Monday, August 23, 2010

Why?

I watched the movie, Julie and Julia tonight. It is actually maybe the third time that I have seen this movie. Honestly, it is the reason that I began this blog. Yes, my husband Rick,goaded me
with no mercy, but it wasn't until I watched the movie that I truly understood why someone would blog.

This is a strange way to communicate. Every night, I sit here and pour out my thoughts to the universe. And when I think about that, I think how dare I think that I have something to say that someone would want to read! I know I have a few friends who read it, and Rick reads it, and tonight I ask myself why?

Julie started her blog because she loved to cook, she loved Julia Child, and she wanted to meet Julia. Why did I start this blog? It takes a lot of time, a lot of perseverance and dedication to write night after night. Why did I do this, why am I willing to put my self out there for people I have never met, or might never see again, why am I willing to expose my thoughts and feelings to the world?

I think the big reason, it is the same reason that I write songs.........I want to be remembered.
I am not so sure why this is important to me. But I don't want to be forgotten. I want someone on down the road when I am no longer in this body, to remember words that I have written.
That maybe some of those words helped someone, gave some of you a memory, a feeling of love or hope. Maybe you were down, and I made you smile, or maybe my thoughts on something made you think. Or maybe, you just laughed and thought what in the world is this woman doing and why in the hell is she writing???????

Maybe I am writing this blog, because I can write down what I can't say.
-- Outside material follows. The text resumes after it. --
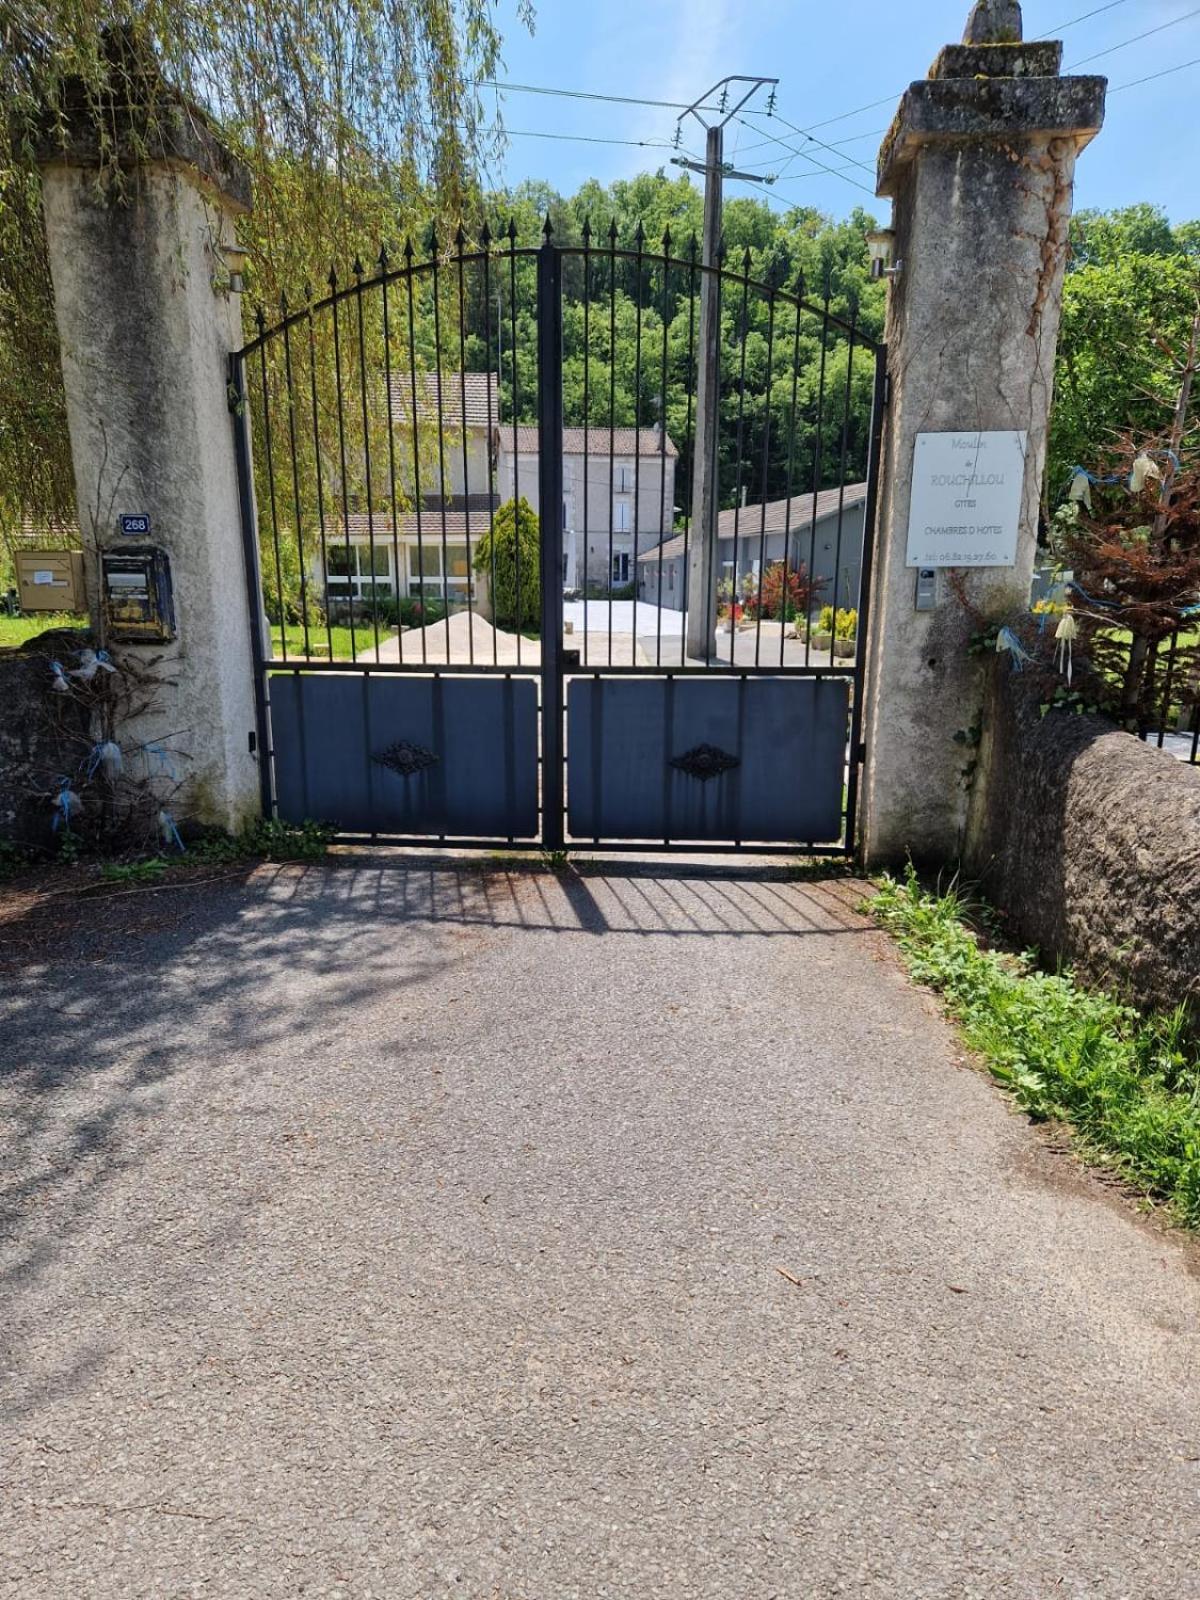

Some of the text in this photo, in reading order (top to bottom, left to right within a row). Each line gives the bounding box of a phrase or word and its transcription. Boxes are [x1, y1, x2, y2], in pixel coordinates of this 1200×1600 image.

[951, 438, 988, 449] Mouln
[125, 519, 146, 530] 268
[924, 526, 967, 535] CHAMBRES
It is so easy for me to listen to others, but so hard for me to speak what I feel and think. Writing this blog gives me freedom, the same way writing songs does, to say what I could never speak.

I truly had meant to write something else tonight, maybe tomorrow night. But this is what came pouring out of my heart............why? For whatever my reasons are, all I can say is this........ to those of you who spend your precious time reading my words, thank you. I know that words are powerful, that there is energy in words, that they can cut deeper than the sharpest sword, and they can caress the soul and soothe broken hearts and spirits. My promise to all of you,
my words will be as honest as I know them, and they will always come straight from my heart.
Good night, sweet dreams.

4 comments:

  1. I started my blog because my sister had one and I wanted to see hers and comment on it. She quit blogging, but I found that I enjoy it. Sometimes I'm afraid I'll run out of things to say, but it hasn't happened yet!
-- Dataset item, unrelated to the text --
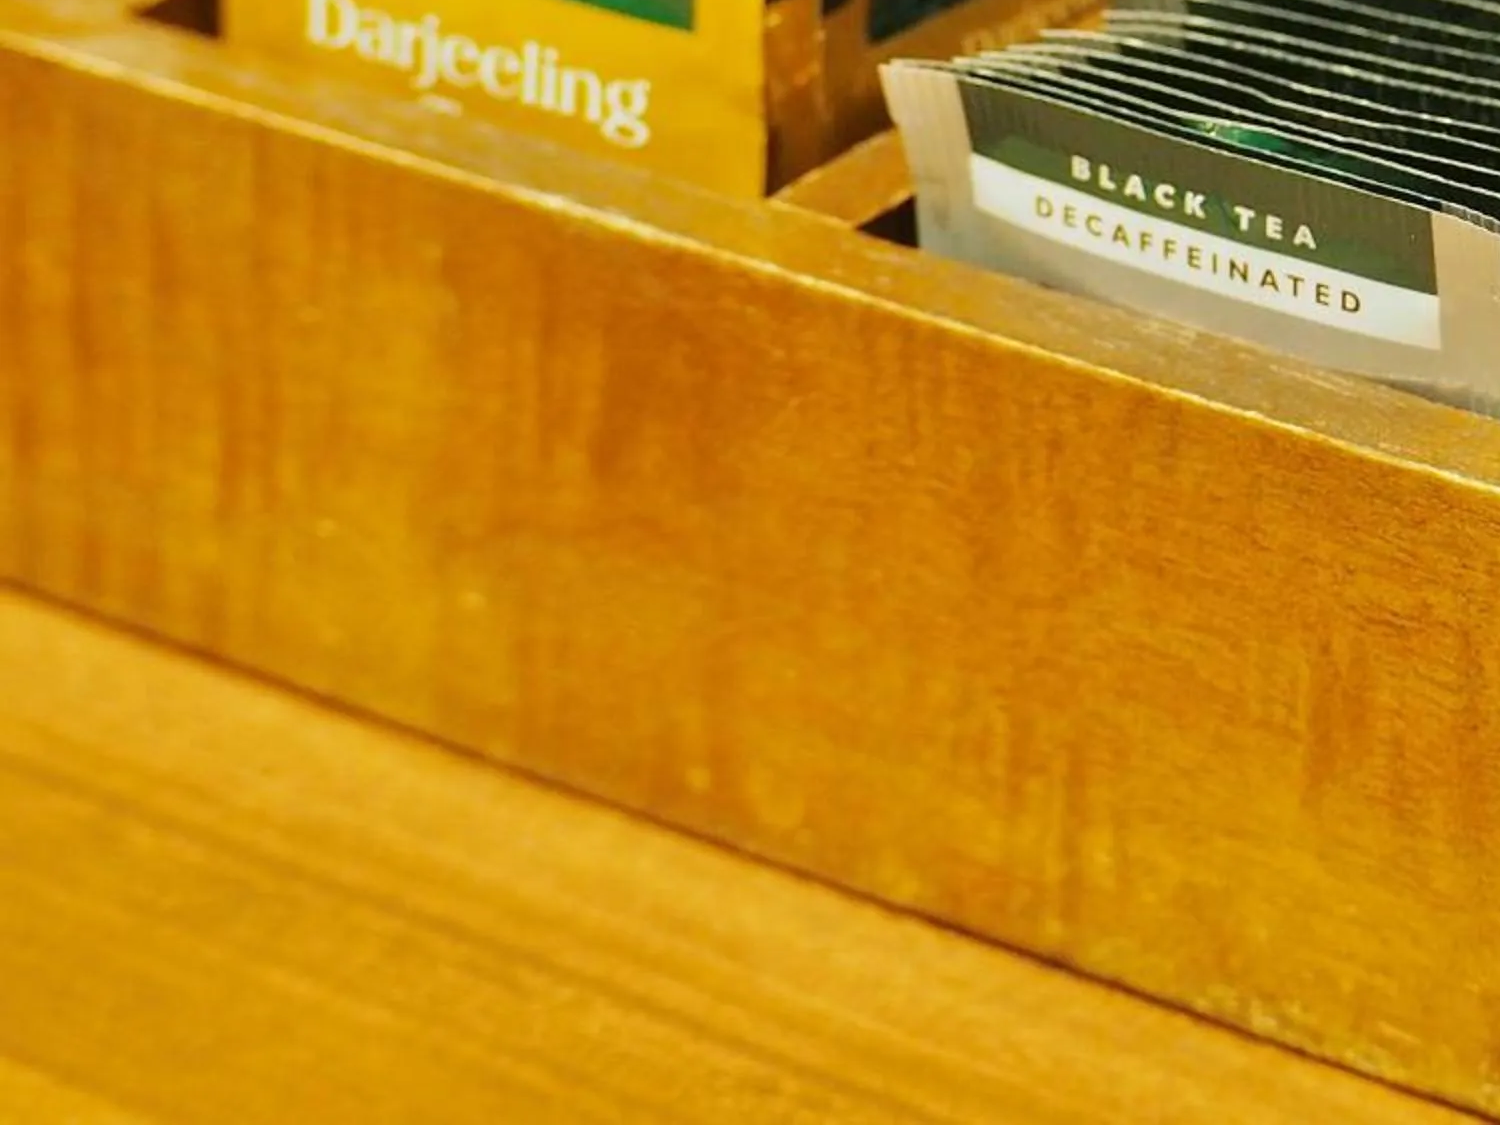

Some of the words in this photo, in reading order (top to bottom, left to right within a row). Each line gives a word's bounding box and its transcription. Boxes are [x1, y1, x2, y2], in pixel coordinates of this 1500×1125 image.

[1034, 194, 1363, 315] DECAFFEINATED
[1070, 154, 1207, 219] BLACK
[1232, 205, 1318, 251] TEA
    Why does it make me feel good to blog? I have wondered about that myself. I'm not really sure, but it does feel like an art form, like writing songs, dancing or singing.

    ReplyDelete
  2. I am glad you write your blog. It isn't a bad blog, it's a great blog.

    It seems from "next blogging" when I'm daydreaming that a lot of people have some very "important" purpose to blogging; politics, religion, bright and shining perfect life I just have to tell you every itty bitty detail of blog.

    Yours isn't that way and that's what makes it great!

    I keep a journal and I blog. I journal every day with all the details of the day and things I would never put in a blog. After a bunch of words back up in my head, I blog.

    ReplyDelete
  3. you will be remembered. and... your spirit, which touches me, will live through the goodness i can muster up and without a title, a name, will touch countless others. through this we are all connected.